On the left bank of this stream, on the higher ground of the valley,
the village has been built; no attempt at anything like uniformity of
design, in shape or size, has been made, each owner and builder
erected, house or cottage, according to his own idea or desire;
these, with gardens and orchards, impart an air of quaint beauty to
our village, whose inhabitants for centuries have been engaged,
chiefly, in agriculture. In the old Parish registers some of its
inhabitants are described as “websters,” and “tanners,” but, owing to
the growth of the trade in better situated towns, these trades
gradually ceased.
During the Civil War the inhabitants of Repton and neighbourhood
remained loyal and faithful to King Charles I. In 1642 Sir John Gell,
commander of the Parliamentary forces stormed Bretby House, and
in January, 1643, the inhabitants of Repton, and other parishes, sent
a letter of remonstrance to the Mayor and Corporation of Derby,
owing to the plundering excursions of soldiers under Sir John’s
command. In the same year, Sir John Harpur’s house, at
Swarkeston, was stormed and taken by Sir John Gell.

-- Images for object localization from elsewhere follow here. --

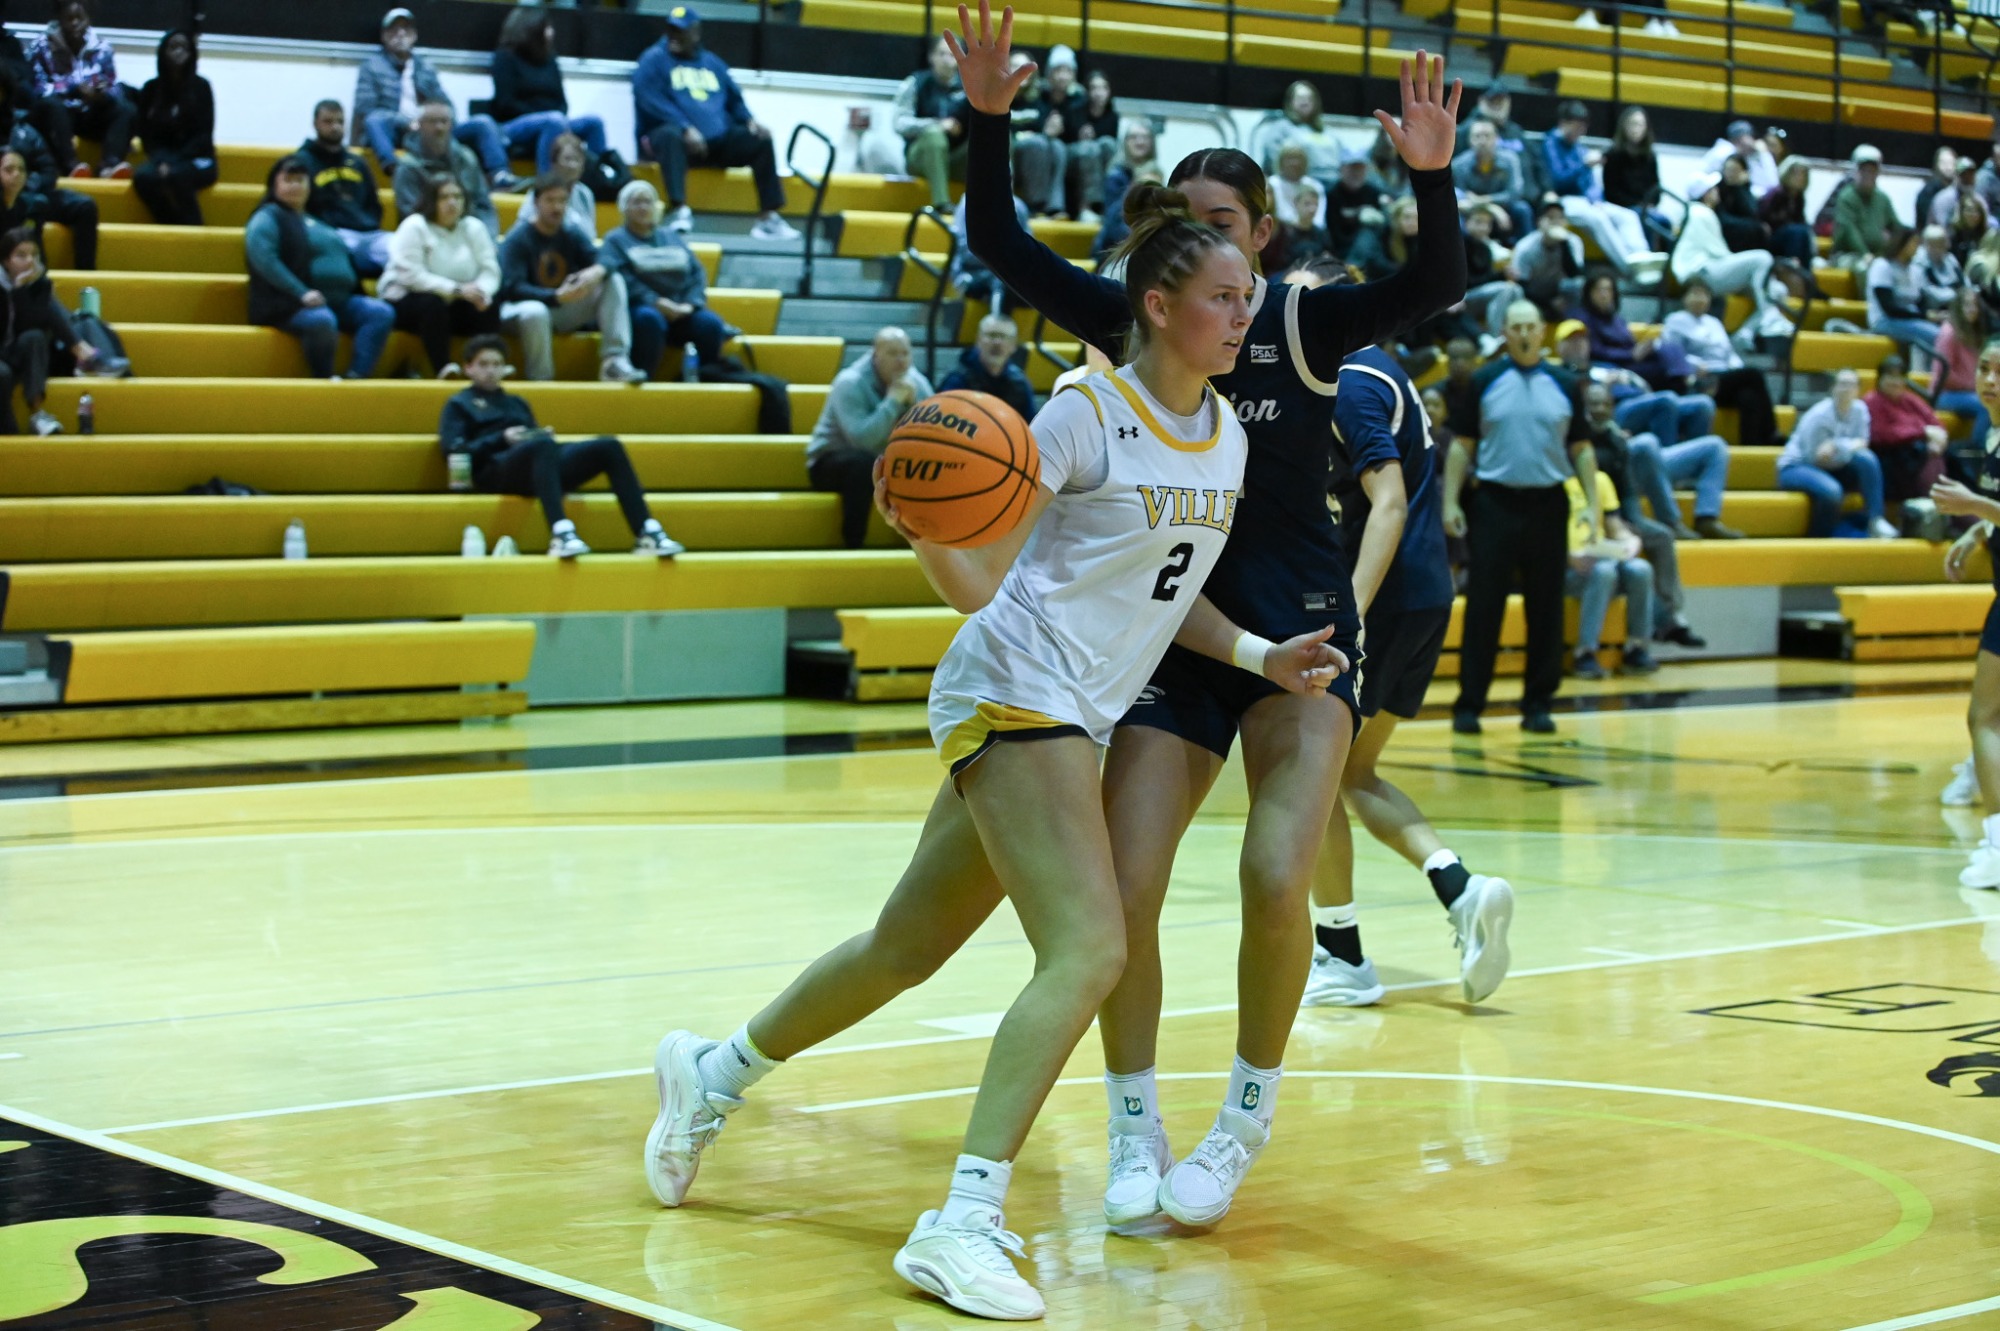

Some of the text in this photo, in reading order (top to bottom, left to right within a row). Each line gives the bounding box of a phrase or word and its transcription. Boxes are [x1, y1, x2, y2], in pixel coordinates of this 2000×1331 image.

[1250, 348, 1279, 358] PSAC
[891, 457, 944, 482] EVO
[1137, 485, 1236, 536] VILLE
[1151, 542, 1194, 602] 2
[1329, 597, 1337, 606] M

In 1687 a wonderful skeleton, nine feet long! was discovered in a
field, called Allen’s Close, adjoining the churchyard of Repton, now
part of the Vicarage grounds. The skeleton was in a stone coffin, with
others to the number of one hundred arranged round it! During the
year 1787 the grave was reopened, and a confused heap of bones
was discovered, which were covered over with earth, and a
sycamore tree, which is still flourishing, was planted to mark the
spot.
During the present century few changes have been made in the
village; most of them will be found recorded, either under chief
events in the History of Repton, or in the chapters succeeding.